Write each entry down again precisely, skipping nothing.

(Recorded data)
- - - - - - -

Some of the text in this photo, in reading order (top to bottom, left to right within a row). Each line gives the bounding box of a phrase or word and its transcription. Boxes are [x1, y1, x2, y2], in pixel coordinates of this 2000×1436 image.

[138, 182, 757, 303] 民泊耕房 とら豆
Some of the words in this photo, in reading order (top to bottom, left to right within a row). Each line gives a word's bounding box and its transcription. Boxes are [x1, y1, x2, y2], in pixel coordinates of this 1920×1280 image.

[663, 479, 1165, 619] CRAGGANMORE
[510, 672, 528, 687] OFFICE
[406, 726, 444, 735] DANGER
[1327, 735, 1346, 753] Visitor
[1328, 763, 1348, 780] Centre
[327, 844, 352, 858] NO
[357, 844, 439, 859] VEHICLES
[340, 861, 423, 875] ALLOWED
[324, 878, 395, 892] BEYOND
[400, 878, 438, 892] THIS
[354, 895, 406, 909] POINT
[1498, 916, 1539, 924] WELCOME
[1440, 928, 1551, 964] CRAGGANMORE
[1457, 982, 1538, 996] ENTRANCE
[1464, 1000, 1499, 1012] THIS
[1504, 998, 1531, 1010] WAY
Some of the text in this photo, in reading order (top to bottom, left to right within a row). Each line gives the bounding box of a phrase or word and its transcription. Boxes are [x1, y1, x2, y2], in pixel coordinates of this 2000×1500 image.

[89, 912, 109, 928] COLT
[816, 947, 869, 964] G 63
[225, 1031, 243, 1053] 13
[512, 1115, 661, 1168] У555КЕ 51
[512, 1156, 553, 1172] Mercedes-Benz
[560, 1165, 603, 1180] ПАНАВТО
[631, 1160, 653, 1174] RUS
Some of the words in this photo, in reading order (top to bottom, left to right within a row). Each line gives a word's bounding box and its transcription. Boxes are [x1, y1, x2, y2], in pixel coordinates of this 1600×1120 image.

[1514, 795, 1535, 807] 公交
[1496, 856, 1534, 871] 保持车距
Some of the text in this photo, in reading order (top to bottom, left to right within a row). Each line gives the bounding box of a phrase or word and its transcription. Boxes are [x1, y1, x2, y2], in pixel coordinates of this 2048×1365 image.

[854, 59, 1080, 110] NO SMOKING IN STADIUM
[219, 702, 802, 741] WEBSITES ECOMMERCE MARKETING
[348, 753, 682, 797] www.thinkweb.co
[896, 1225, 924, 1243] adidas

- - - - - - -

Your solution
Some of the text in this photo, in reading order (top to bottom, left to right within a row). Each line gives the bounding box of a phrase or word and its transcription. Boxes are [x1, y1, x2, y2], in pixel coordinates of this 2000×1436 image.

[138, 182, 757, 303] 民泊耕房 とら豆
Some of the words in this photo, in reading order (top to bottom, left to right within a row). Each line gives a word's bounding box and its transcription. Boxes are [x1, y1, x2, y2], in pixel coordinates of this 1920×1280 image.

[663, 479, 1165, 619] CRAGGANMORE
[510, 672, 528, 687] OFFICE
[406, 726, 444, 735] DANGER
[1327, 735, 1346, 753] Visitor
[1328, 763, 1348, 780] Centre
[327, 844, 352, 858] NO
[357, 844, 439, 859] VEHICLES
[340, 861, 423, 875] ALLOWED
[324, 878, 395, 892] BEYOND
[400, 878, 438, 892] THIS
[354, 895, 406, 909] POINT
[1498, 916, 1539, 924] WELCOME
[1440, 928, 1551, 964] CRAGGANMORE
[1457, 982, 1538, 996] ENTRANCE
[1464, 1000, 1499, 1012] THIS
[1504, 998, 1531, 1010] WAY
Some of the text in this photo, in reading order (top to bottom, left to right within a row). Each line gives the bounding box of a phrase or word and its transcription. Boxes are [x1, y1, x2, y2], in pixel coordinates of this 2000×1500 image.

[89, 912, 109, 928] COLT
[816, 947, 869, 964] G 63
[225, 1031, 243, 1053] 13
[512, 1115, 661, 1168] У555КЕ 51
[512, 1156, 553, 1172] Mercedes-Benz
[560, 1165, 603, 1180] ПАНАВТО
[631, 1160, 653, 1174] RUS
Some of the words in this photo, in reading order (top to bottom, left to right within a row). Each line gives a word's bounding box and its transcription. Boxes are [x1, y1, x2, y2], in pixel coordinates of this 1600×1120 image.

[1514, 795, 1535, 807] 公交
[1496, 856, 1534, 871] 保持车距
Some of the text in this photo, in reading order (top to bottom, left to right within a row). Each line gives the bounding box of a phrase or word and its transcription. Boxes are [x1, y1, x2, y2], in pixel coordinates of this 2048×1365 image.

[854, 59, 1080, 110] NO SMOKING IN STADIUM
[219, 702, 802, 741] WEBSITES ECOMMERCE MARKETING
[348, 753, 682, 797] www.thinkweb.co
[896, 1225, 924, 1243] adidas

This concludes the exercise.